Writer’s Manifesto

Standard

Women don’t write plot. Is there a need to explain that statement that came to me through an undergrad workshop advisor? Should I write an expository essay on that statements meaning to me? I have. I wrote a manifesto outlining plot’s historical sources.

The subject is the privileging of conventional narratives.

The reader’s trained expectation for literature to represent Life.

Life, it is hard to shake the concept of universality, a one humanist truth translated to all human behavior everywhere.

The reader’s need for identifiable representation (often stereotypical) with flesh and blood counterparts.
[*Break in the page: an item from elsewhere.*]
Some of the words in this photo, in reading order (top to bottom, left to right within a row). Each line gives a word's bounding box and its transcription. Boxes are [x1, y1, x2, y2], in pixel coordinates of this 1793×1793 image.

Life is not plotted. Plot is an attempt to make meaning from linear strings of cause and effect. Plot is the literary equivalent of determinism. Determinism as prescribed in dictates of greater forces. Greater forces throughout history, defined in the West as male, some women, most often white, and most often originating from the part of the globe within the latitude and longitude 48° 41’ 27” N / 9° 8’ 26” E. The exceptions to this profile have at certain points of history been conquered by the patriarchal White-Euro/Anglo-Male and andocentric (often privileged) White-Euro/Anglo-Women (this weighted language trope contains obvious limitations). However, it is impossible to escape the impact this one group has had on everyone who does not fit the above description, i.e. the rest of earthly existence. Even liberation is a system of binary contrasts to the established “conventions” of male authority. Anything outside the established “conventions” is burdened with labels, Other, alternative, experimental. 
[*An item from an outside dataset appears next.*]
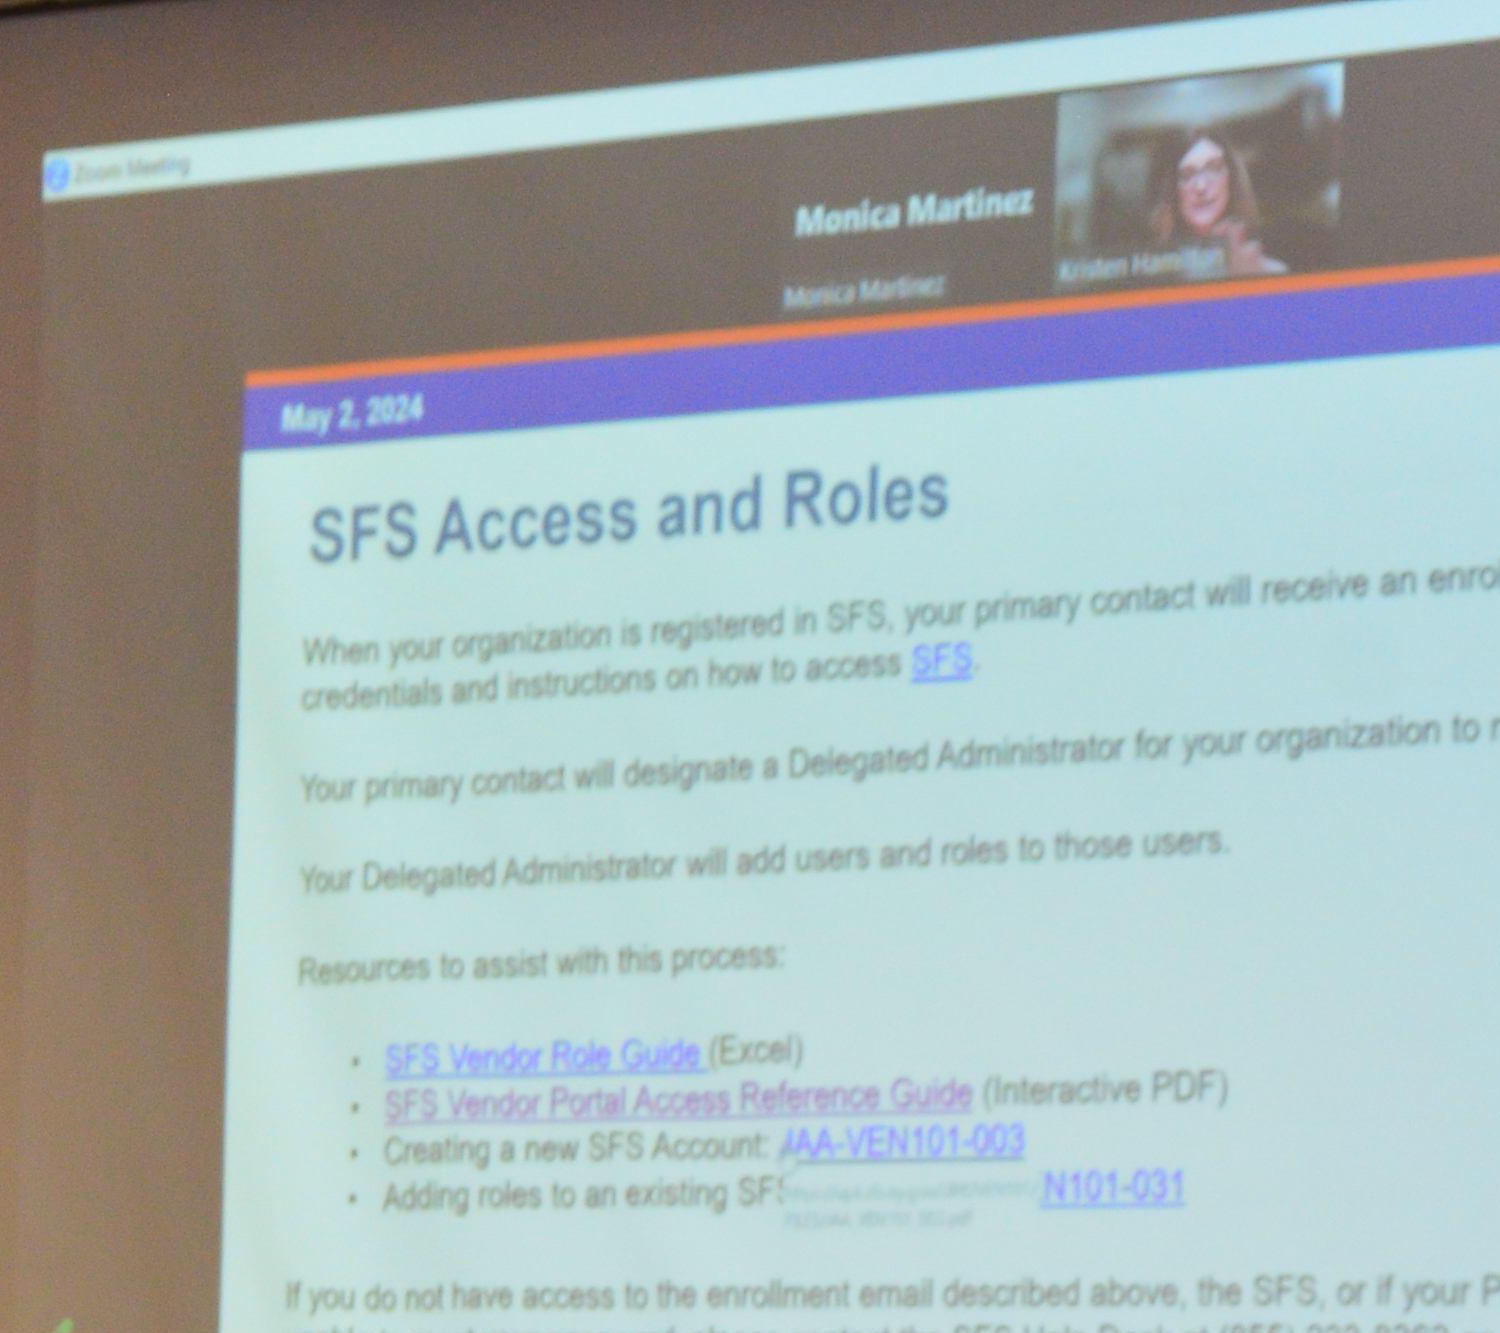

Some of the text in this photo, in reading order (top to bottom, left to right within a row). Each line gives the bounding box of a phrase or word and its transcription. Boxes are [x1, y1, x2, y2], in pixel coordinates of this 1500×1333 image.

Literary conventions have historically been subverted. Yet, fiction writing classes, workshops, MFA programs teach (for the most part) the primary pillars of convention, character development, and plot. 

The circuitous path explored, appropriation of any fragment regardless of gender and genre to inform practice, eventually informs liberation from the constrains of patriarchal codes and convention internalized in fiction—particularly genre, plot, and linearity.